Quang Binh Province in central Vietnam has seen tons of fish washed ashore the past month, and a recent check by divers found bottom creatures have also been dying en mass.
Thanh Nien reporter on Saturday joined a local fishing boat with two divers to check the water around three sea miles offshore.
After around 30 minutes, the divers came up with coral pieces in unusual colors, and decaying bodies of sea cucumbers and shell creatures.
“The water at the bottom is very dirty and there’s a very uncomfortable stink, possibly because of the dead fish decomposing,” one diver said.
Then both of them had a shower with fresh water -- the thing they never did for years in the job, saying it could help wash off as much of whatever poison in the sea as possible.
The two divers said they were worried for their own health but they needed to check for themselves after their colleagues came back describing layers of dead sea creatures in the seabed.
Local fishers also said the nets they cast offshore kept coming back empty in recent days.
Tuoi Tre newspaper on Sunday also released videos showing few living creatures in waters once known for large seafood populations off Quang Binh.
A diver shows what he found under the the water around three sea miles offshore in the central province of Quang Binh on May 7, 2016. Photo: Hue Minh/Thanh Nien.
“The sea is really dying,” said one diver who helped capturing the footage.
Quang Binh’s environment department and the Marine Natural Resources - Environment Survey Center on the same day had divers inspect the seabed but they did not allow reporters to come along.

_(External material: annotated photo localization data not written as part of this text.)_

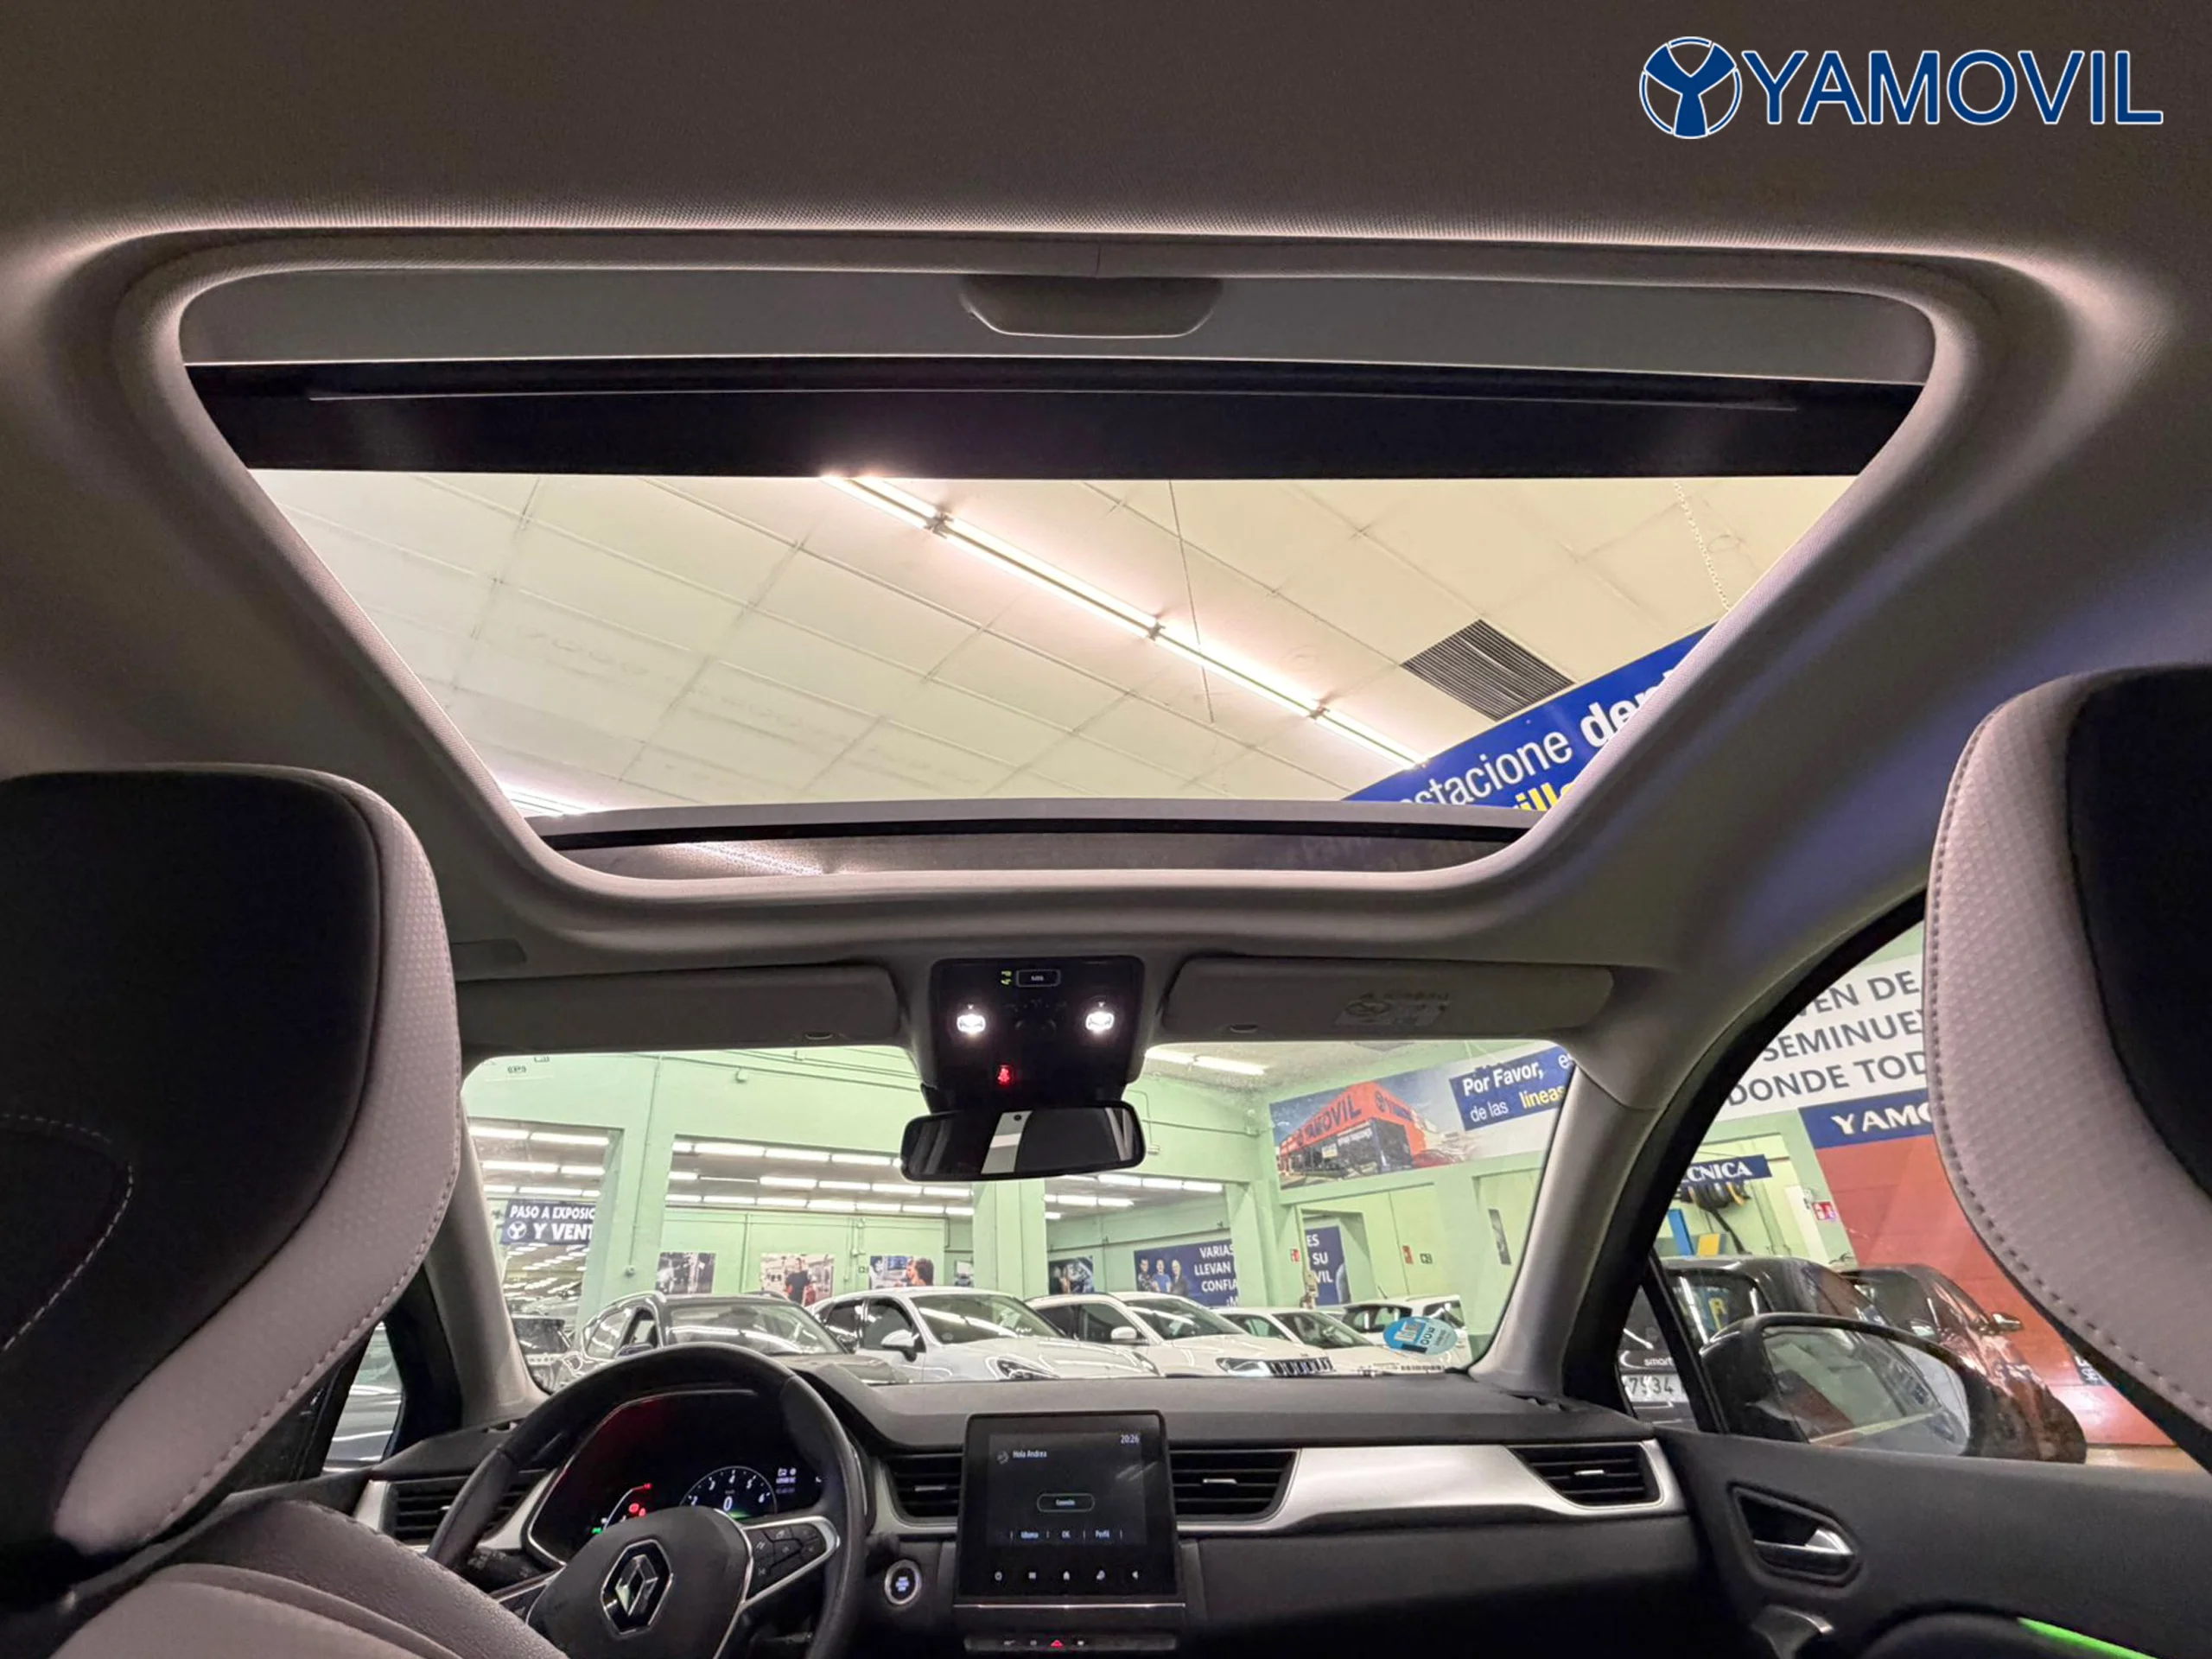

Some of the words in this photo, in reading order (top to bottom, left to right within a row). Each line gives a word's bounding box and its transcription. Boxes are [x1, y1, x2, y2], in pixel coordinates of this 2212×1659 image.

[1398, 730, 1573, 805] stacione
[1798, 983, 1859, 1016] EN
[1867, 970, 1920, 1001] DE
[1763, 1009, 1923, 1062] SEMINUE
[1463, 1076, 1491, 1096] Por
[1492, 1061, 1544, 1088] Favor,
[1727, 1065, 1850, 1106] DONDE
[1470, 1105, 1487, 1122] de
[1488, 1101, 1509, 1117] las
[1681, 1161, 1753, 1183] CNICA
[510, 1205, 540, 1218] PASO
[541, 1206, 550, 1219] A
[532, 1223, 547, 1240] Y
[1199, 1244, 1235, 1259] VARIAS
[1312, 1252, 1329, 1265] SU
[1194, 1262, 1231, 1276] LLEVAN
[1643, 1357, 1674, 1366] smart
[1120, 1434, 1140, 1444] 20:26
[722, 1496, 734, 1511] 0

At least 100 tons of dead fish have been washed ashore the past month in Quang Binh and nearby provinces of Ha Tinh, Quang Tri and Thua Thien-Hue, apparently killed by industrial effluents.
Suspicion has centered on Taiwanese steel firm Formosa, which admitted it has a large sewage pipe going straight into the sea. But it claimed all its discharged wastewater had been treated.
Vietnamese across the country have been anxiously waiting for a satisfying answer for the protracted case, which has tested the ability of the country to detect and handle large-scale disasters.